TASK DESCRIPTION:
Pictures excluded, return every entry exactly, please.
__________________________________________________
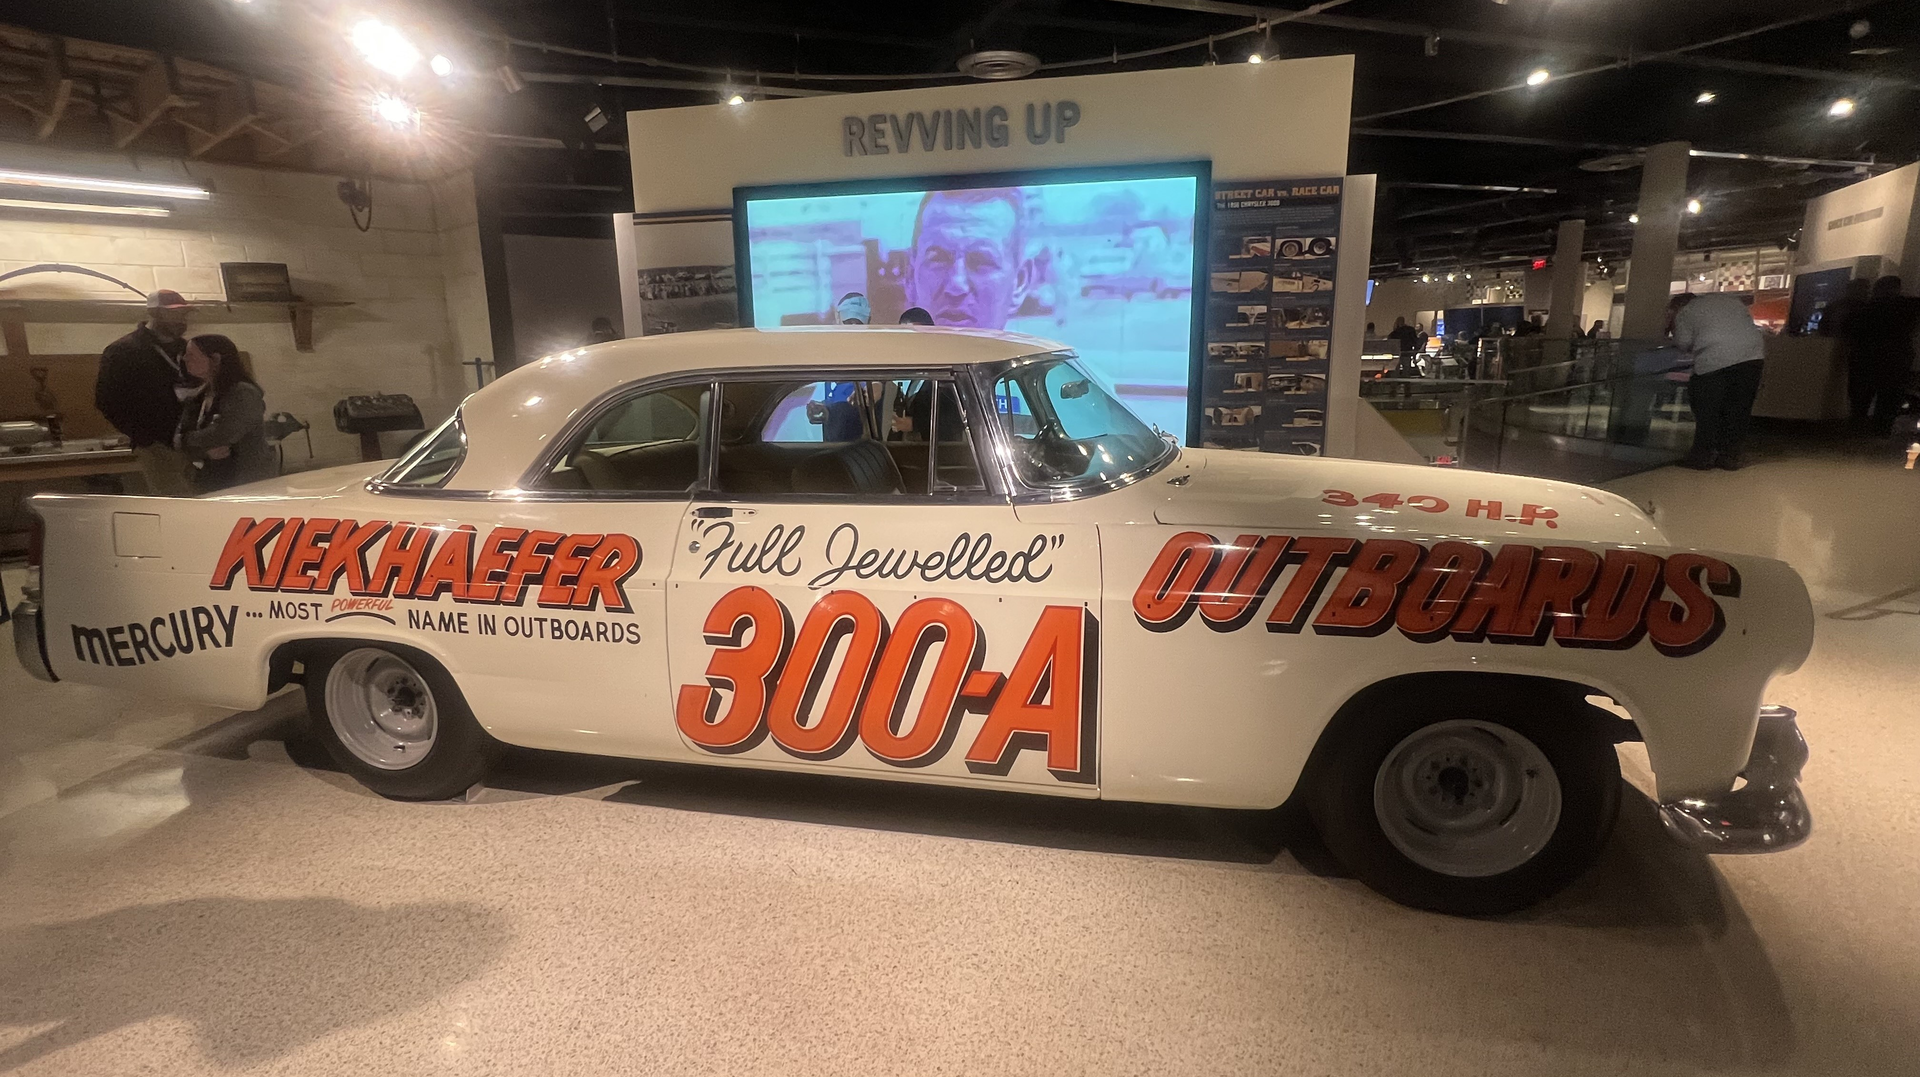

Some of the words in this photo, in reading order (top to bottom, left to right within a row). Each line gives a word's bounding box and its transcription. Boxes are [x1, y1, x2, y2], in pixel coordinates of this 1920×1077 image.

[843, 105, 1009, 157] REVVING
[1026, 99, 1081, 145] UP
[1214, 189, 1253, 200] STREET
[1255, 188, 1275, 198] CAR
[1291, 186, 1318, 196] RACE
[1320, 185, 1340, 195] CAR
[1322, 489, 1449, 513] 340
[1465, 499, 1559, 529] H.P.
[209, 516, 644, 615] KIEKHAEFER
[1132, 530, 1742, 658] OUTBOARDS
[269, 600, 323, 621] MOST
[330, 598, 394, 613] POWERFUL
[408, 609, 468, 634] NAME
[478, 614, 497, 636] IN
[504, 616, 641, 645] OUTBOARDS
[676, 585, 1099, 785] 300-A
__________________________________________________
TASK ANSWER:
Some of the words in this photo, in reading order (top to bottom, left to right within a row). Each line gives a word's bounding box and its transcription. Boxes are [x1, y1, x2, y2], in pixel coordinates of this 1920×1077 image.

[843, 105, 1009, 157] REVVING
[1026, 99, 1081, 145] UP
[1214, 189, 1253, 200] STREET
[1255, 188, 1275, 198] CAR
[1291, 186, 1318, 196] RACE
[1320, 185, 1340, 195] CAR
[1322, 489, 1449, 513] 340
[1465, 499, 1559, 529] H.P.
[209, 516, 644, 615] KIEKHAEFER
[1132, 530, 1742, 658] OUTBOARDS
[269, 600, 323, 621] MOST
[330, 598, 394, 613] POWERFUL
[408, 609, 468, 634] NAME
[478, 614, 497, 636] IN
[504, 616, 641, 645] OUTBOARDS
[676, 585, 1099, 785] 300-A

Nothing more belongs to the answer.